Work instruction >>
If a record below holds a picture, drop the picture and copy everything else exactly.

Excerpted data >>

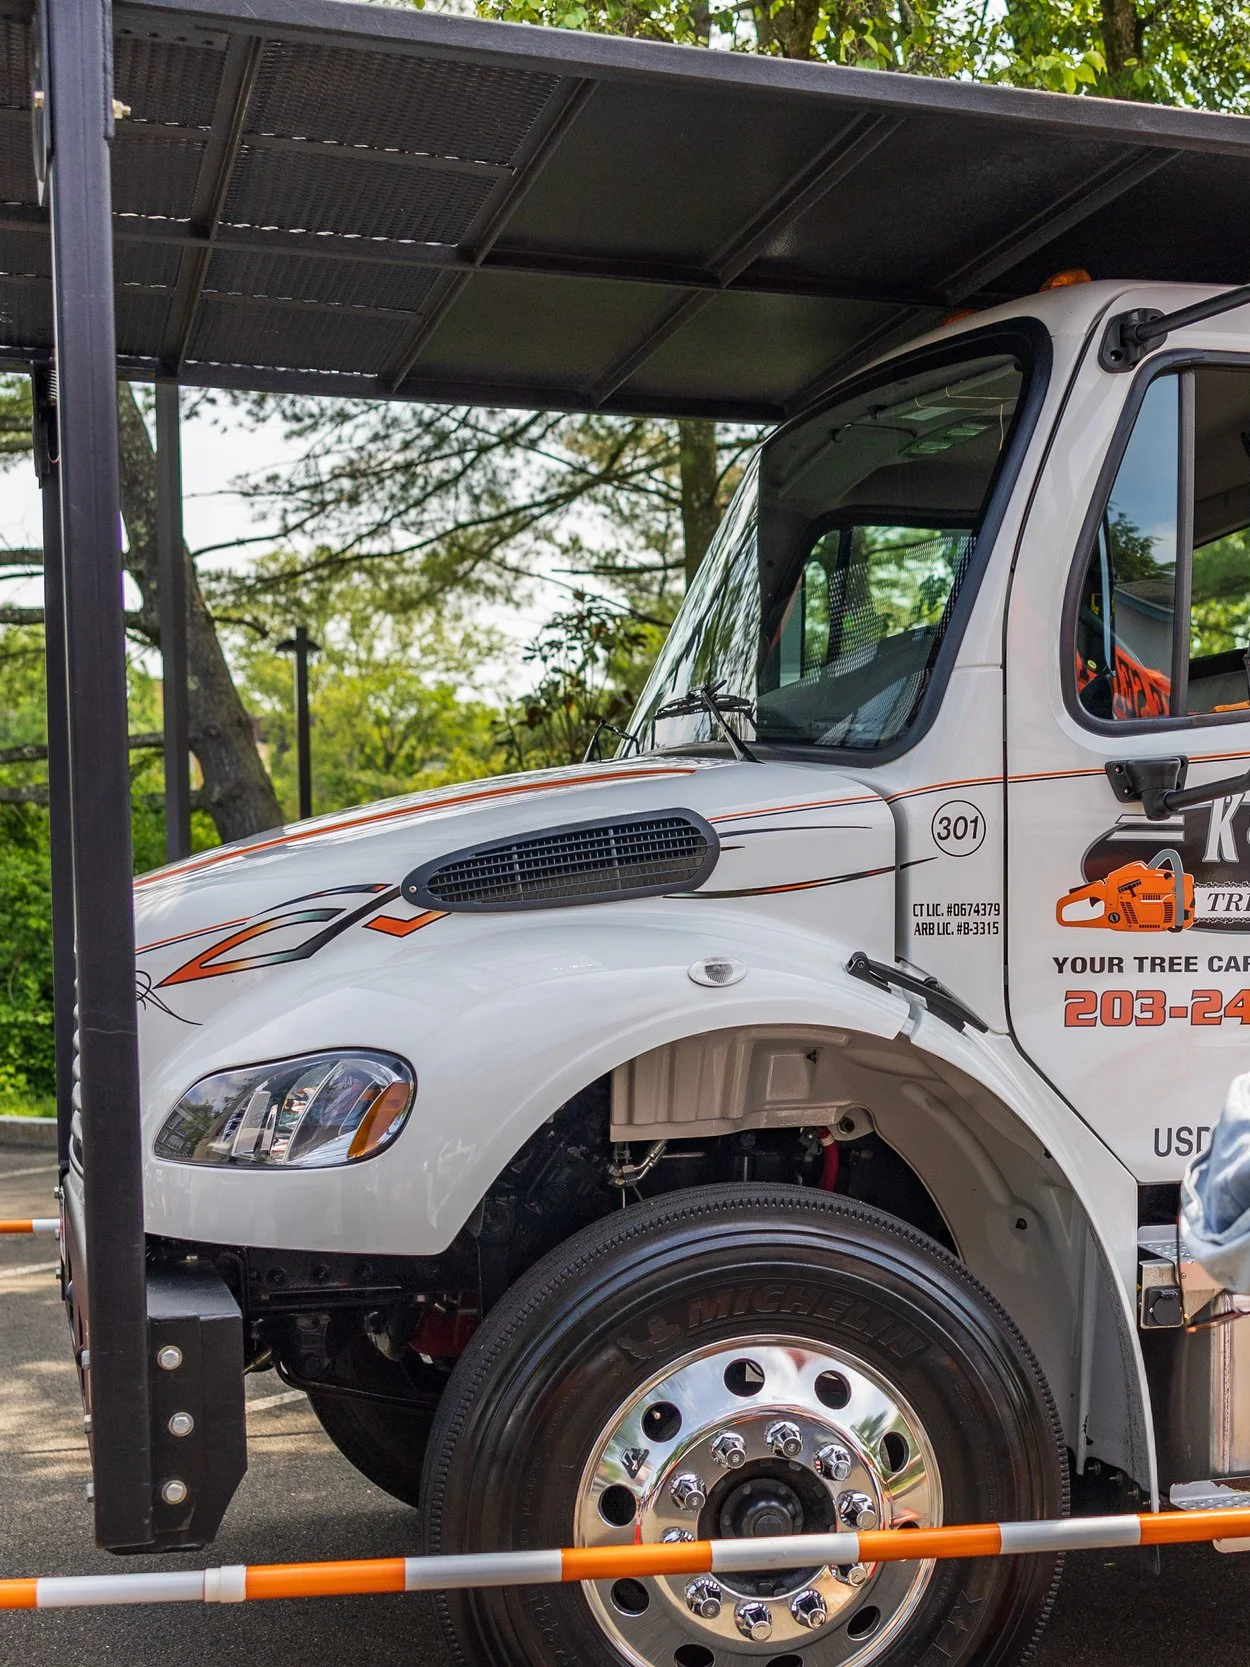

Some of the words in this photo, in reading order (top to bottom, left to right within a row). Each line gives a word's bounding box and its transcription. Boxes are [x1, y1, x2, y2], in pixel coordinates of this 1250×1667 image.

[936, 815, 980, 841] 301
[1202, 792, 1245, 862] K
[912, 903, 925, 917] CT
[926, 903, 944, 917] LIC.
[946, 902, 1001, 917] #0674379
[913, 922, 935, 936] ARB
[936, 922, 954, 936] LIC.
[956, 921, 999, 935] #B-3315
[1052, 956, 1125, 974] YOUR
[1133, 955, 1199, 973] TREE
[687, 1283, 928, 1359] MICHELIN
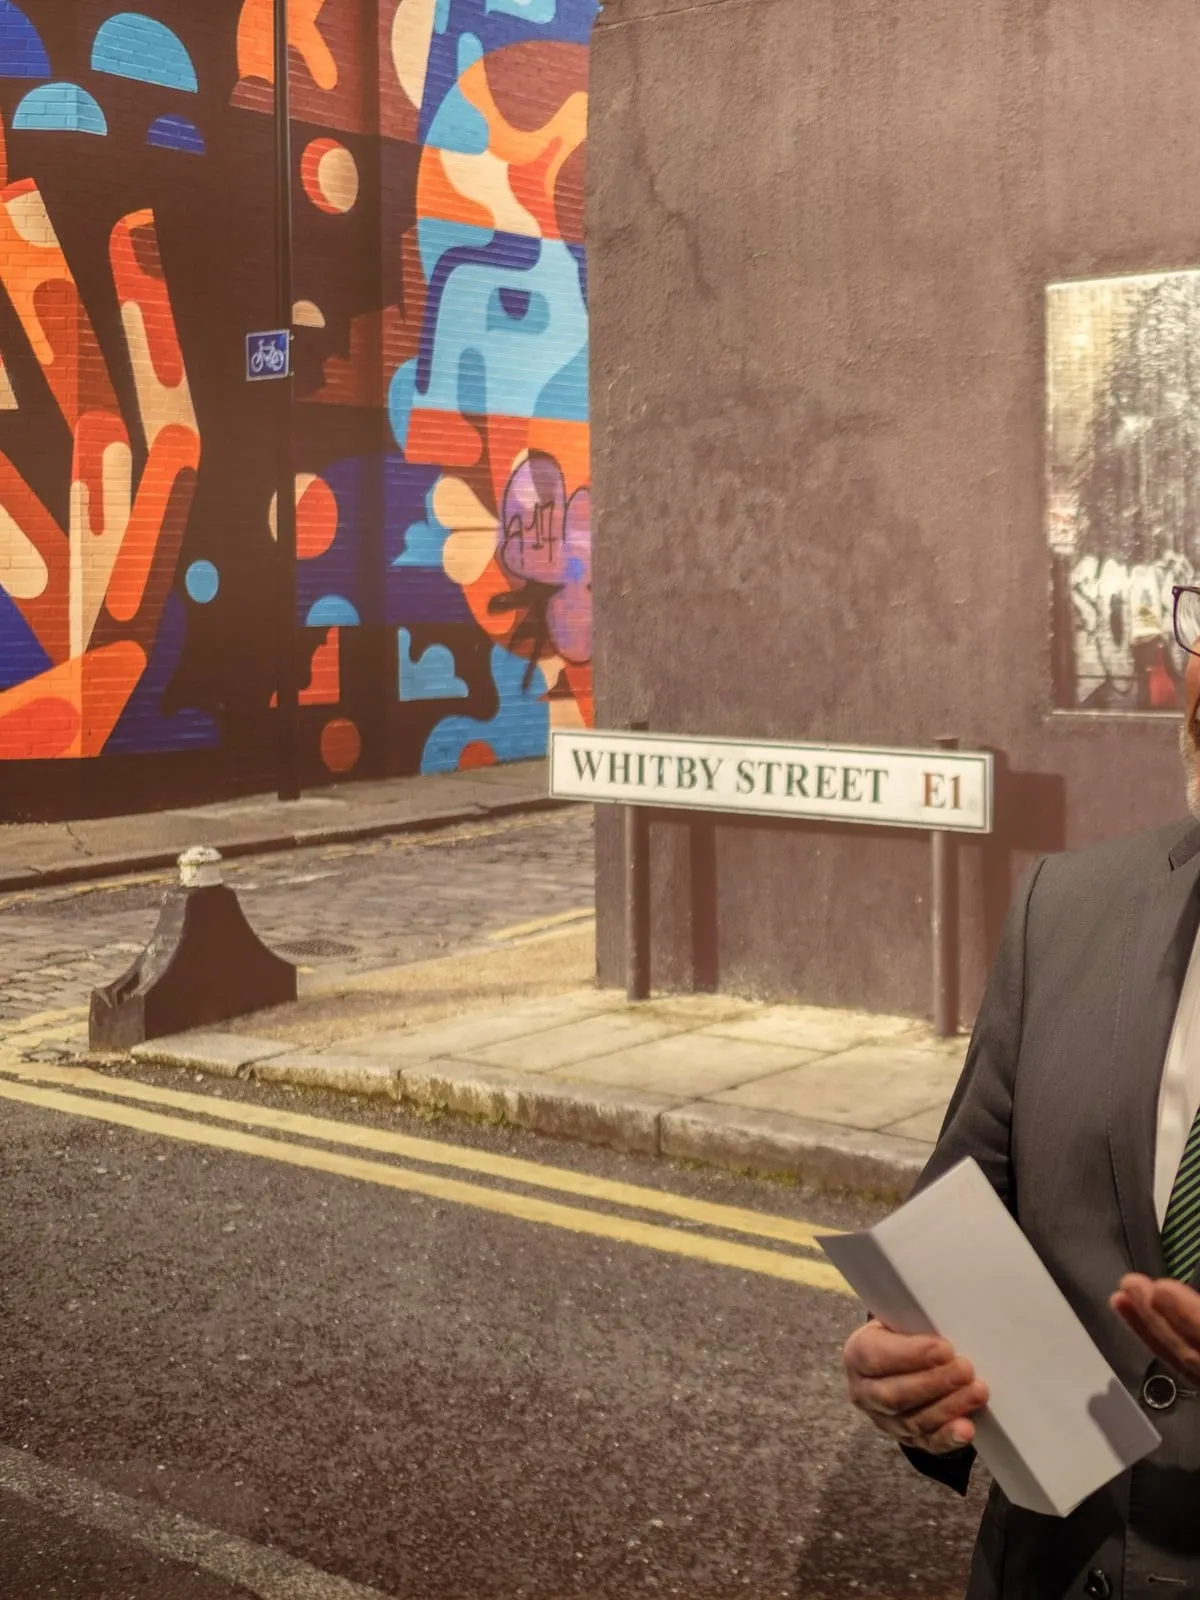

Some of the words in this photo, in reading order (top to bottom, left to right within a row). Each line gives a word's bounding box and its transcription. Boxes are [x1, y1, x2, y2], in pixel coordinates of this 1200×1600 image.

[572, 748, 724, 792] WHITBY
[736, 759, 890, 804] STREET
[922, 771, 963, 810] E1
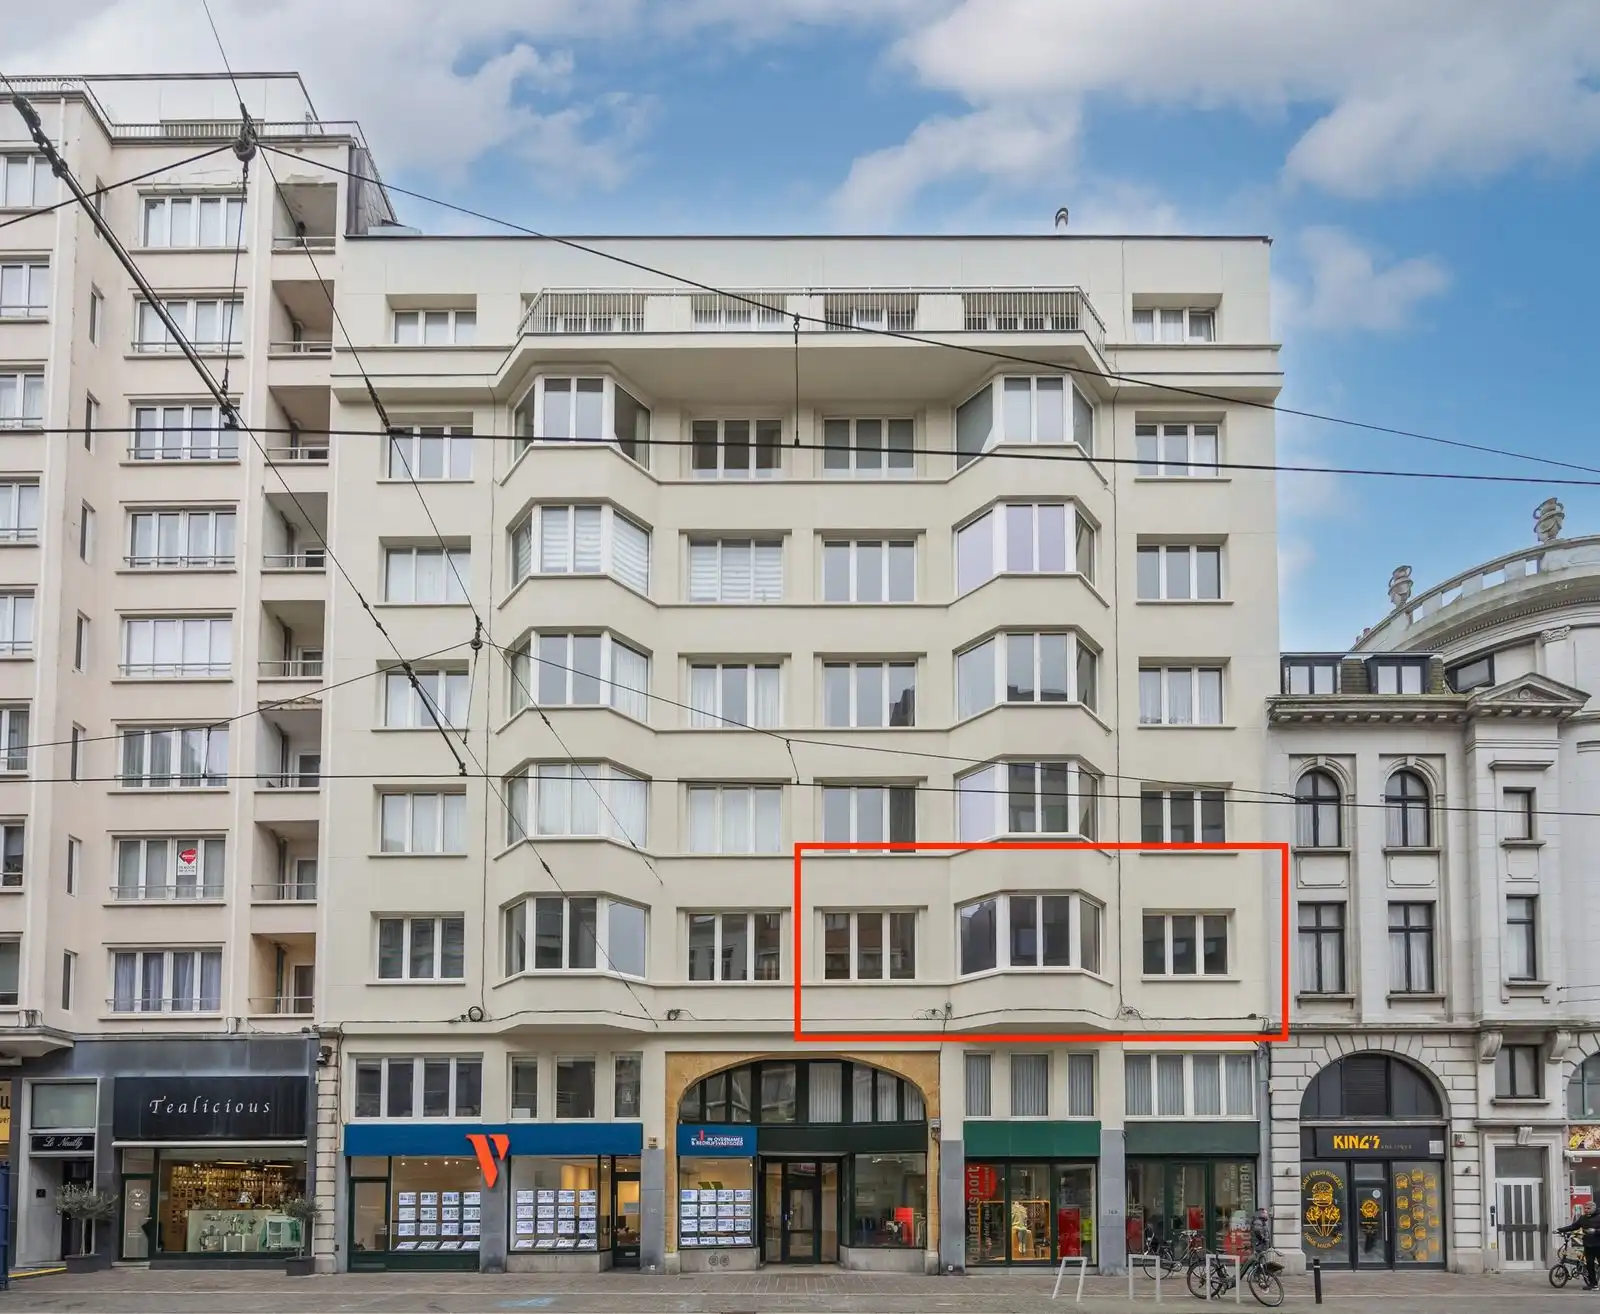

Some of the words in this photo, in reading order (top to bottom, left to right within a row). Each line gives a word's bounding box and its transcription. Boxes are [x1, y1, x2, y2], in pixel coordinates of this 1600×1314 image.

[149, 1096, 270, 1114] Tealicious
[1333, 1135, 1380, 1149] KING'S
[1310, 1169, 1326, 1178] FRESH
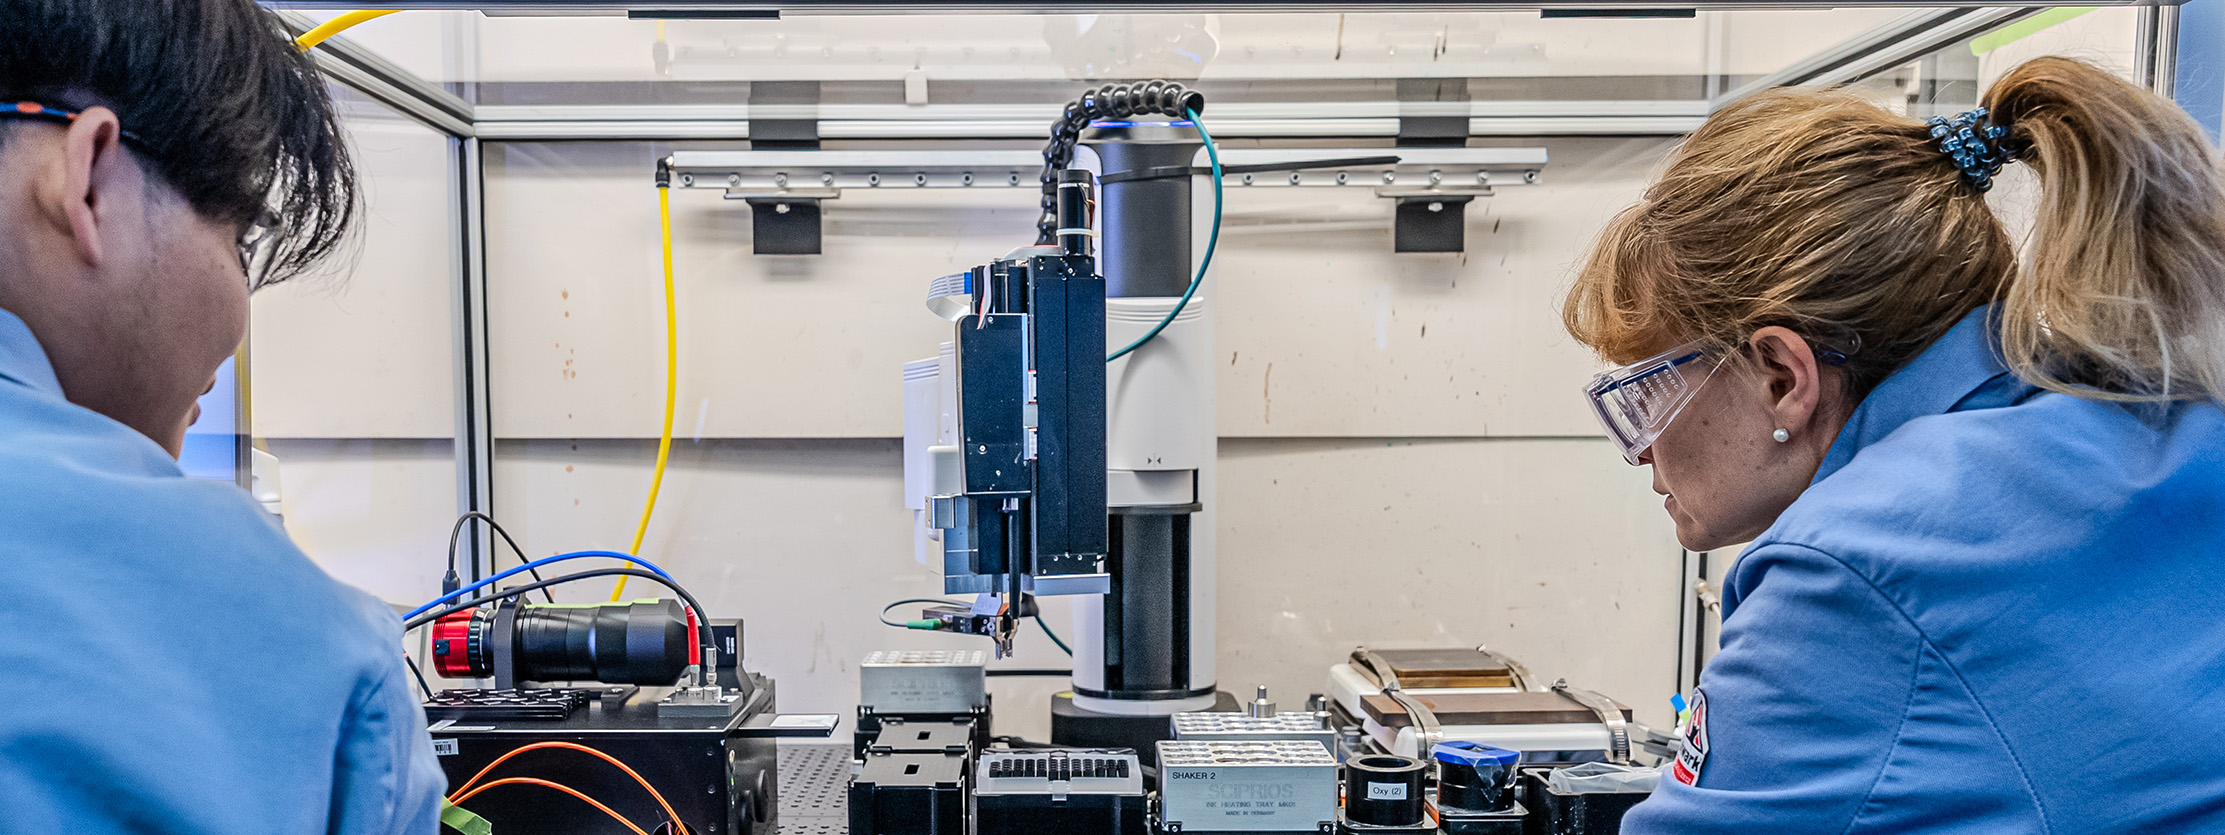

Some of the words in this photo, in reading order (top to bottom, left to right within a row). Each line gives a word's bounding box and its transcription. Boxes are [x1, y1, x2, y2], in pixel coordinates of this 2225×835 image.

Exercise solution >>
Some of the words in this photo, in reading order (top to bottom, left to right within a row). Each line gives a word's bounding box and its transcription. Boxes are [x1, y1, x2, y2], in pixel coordinates of this 1250×1667 image.

[936, 815, 980, 841] 301
[1202, 792, 1245, 862] K
[912, 903, 925, 917] CT
[926, 903, 944, 917] LIC.
[946, 902, 1001, 917] #0674379
[913, 922, 935, 936] ARB
[936, 922, 954, 936] LIC.
[956, 921, 999, 935] #B-3315
[1052, 956, 1125, 974] YOUR
[1133, 955, 1199, 973] TREE
[687, 1283, 928, 1359] MICHELIN

Some of the words in this photo, in reading order (top to bottom, left to right within a row). Each line gives a word's bounding box and its transcription. Boxes are [x1, y1, x2, y2], in pixel coordinates of this 1200×1600 image.

[572, 748, 724, 792] WHITBY
[736, 759, 890, 804] STREET
[922, 771, 963, 810] E1

Some of the words in this photo, in reading order (top to bottom, left to right within a row). Each line gives a word's bounding box and its transcription. Boxes are [x1, y1, x2, y2], in pixel coordinates of this 1600×1314 image.

[149, 1096, 270, 1114] Tealicious
[1333, 1135, 1380, 1149] KING'S
[1310, 1169, 1326, 1178] FRESH

Some of the words in this photo, in reading order (top to bottom, left to right within a row). Each line gives a word's bounding box and its transcription. Boxes are [x1, y1, x2, y2], in pixel coordinates of this 2225×835 image.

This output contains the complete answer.